Realms of Fantasy
- Categories: Fantasy fiction magazine
- Frequency: Bi-Monthly
- First issue: October 1994
- Final issue: October 2011
- Country: USA
- Language: English
- ISSN: 1078-1951

= Realms of Fantasy =

Realms of Fantasy was a professional bimonthly fantasy speculative fiction magazine published by Sovereign Media, then Tir Na Nog Press, and Damnation Books, which specialized in fantasy fiction (including some horror), related nonfiction (with particular interest in folklore) and art. The magazine published short stories by some of the genre's most popular and most prominent authors. Its original publisher was Sovereign Media, and it first launched with the October 1994 issue. It was headquartered in Herndon, Virginia.

On January 27, 2009, the magazine's managing editor under Sovereign Media announced that Realms of Fantasy would cease publication after the April 2009 issue. The closure was blamed on "plummeting newsstand sales, the problem currently faced by all of the fiction magazines."

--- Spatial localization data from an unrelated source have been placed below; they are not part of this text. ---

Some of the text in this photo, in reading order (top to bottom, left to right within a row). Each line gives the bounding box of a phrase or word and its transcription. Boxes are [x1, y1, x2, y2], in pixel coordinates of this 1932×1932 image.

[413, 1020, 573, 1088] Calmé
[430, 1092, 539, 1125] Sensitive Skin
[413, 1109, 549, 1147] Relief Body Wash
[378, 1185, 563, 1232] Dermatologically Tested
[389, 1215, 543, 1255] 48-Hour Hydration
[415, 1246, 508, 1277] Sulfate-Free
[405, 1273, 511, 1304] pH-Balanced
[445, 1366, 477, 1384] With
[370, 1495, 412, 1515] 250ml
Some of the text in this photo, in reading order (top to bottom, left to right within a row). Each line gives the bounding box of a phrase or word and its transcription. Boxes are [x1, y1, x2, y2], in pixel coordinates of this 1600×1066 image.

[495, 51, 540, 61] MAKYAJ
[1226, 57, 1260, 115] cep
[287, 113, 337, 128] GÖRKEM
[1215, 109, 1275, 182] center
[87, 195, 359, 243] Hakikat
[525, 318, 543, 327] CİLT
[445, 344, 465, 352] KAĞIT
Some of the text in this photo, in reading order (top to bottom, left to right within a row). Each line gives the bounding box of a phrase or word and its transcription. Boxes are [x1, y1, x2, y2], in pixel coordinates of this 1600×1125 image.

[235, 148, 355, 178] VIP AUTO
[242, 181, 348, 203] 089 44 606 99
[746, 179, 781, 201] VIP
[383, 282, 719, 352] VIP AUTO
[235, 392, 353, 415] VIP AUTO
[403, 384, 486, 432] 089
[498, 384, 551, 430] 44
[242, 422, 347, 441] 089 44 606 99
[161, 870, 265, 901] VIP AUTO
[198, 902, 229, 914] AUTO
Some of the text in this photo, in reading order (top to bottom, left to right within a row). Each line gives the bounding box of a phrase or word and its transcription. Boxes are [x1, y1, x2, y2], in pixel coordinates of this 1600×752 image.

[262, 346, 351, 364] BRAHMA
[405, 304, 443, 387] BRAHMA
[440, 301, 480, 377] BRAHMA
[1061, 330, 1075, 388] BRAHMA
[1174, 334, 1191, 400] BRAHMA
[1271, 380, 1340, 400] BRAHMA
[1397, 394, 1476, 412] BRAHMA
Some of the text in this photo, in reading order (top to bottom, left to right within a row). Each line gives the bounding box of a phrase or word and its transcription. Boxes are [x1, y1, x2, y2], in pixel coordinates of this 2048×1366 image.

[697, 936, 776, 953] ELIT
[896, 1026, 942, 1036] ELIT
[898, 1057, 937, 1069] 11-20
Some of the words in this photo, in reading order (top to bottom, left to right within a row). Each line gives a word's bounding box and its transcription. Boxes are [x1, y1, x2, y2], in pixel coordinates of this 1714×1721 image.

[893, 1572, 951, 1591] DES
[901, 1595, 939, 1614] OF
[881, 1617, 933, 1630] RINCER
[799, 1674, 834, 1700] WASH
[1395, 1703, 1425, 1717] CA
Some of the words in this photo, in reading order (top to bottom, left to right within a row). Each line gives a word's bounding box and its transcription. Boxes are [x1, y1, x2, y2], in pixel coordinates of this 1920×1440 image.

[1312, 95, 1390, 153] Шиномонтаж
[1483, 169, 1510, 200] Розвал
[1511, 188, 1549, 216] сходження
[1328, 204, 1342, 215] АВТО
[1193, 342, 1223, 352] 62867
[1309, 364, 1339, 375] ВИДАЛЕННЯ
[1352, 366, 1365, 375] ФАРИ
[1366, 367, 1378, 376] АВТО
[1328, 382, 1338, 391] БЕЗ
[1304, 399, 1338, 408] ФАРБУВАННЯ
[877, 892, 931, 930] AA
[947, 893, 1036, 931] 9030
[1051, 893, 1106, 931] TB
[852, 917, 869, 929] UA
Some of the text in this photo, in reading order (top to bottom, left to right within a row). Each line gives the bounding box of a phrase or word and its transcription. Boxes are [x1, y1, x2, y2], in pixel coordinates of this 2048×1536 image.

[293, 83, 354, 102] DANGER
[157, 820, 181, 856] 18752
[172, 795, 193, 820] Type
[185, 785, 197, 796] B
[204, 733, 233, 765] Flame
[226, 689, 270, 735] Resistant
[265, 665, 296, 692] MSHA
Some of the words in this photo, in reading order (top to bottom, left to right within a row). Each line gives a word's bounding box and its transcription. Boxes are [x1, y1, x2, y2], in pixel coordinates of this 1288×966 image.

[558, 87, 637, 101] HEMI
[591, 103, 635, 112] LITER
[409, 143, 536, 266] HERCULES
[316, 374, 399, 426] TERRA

In March 2009, SFScope reported that the magazine had been bought by Warren Lapine's Tir Na Nog Press and would not close. Publication restarted with a release date in July 2009, missing one issue (April 2009). The fiction editorial staff did not change.

Douglas Cohen was promoted to Editor in November 2009, and was previously Assistant (Fiction) Editor [May 2005], and had assumed roles of Nonfiction Editor and Art Director in March 2009. The headquarters was in San Jose, California.

Shawna McCarthy was and remained the fiction editor since the magazine's inception in 1994.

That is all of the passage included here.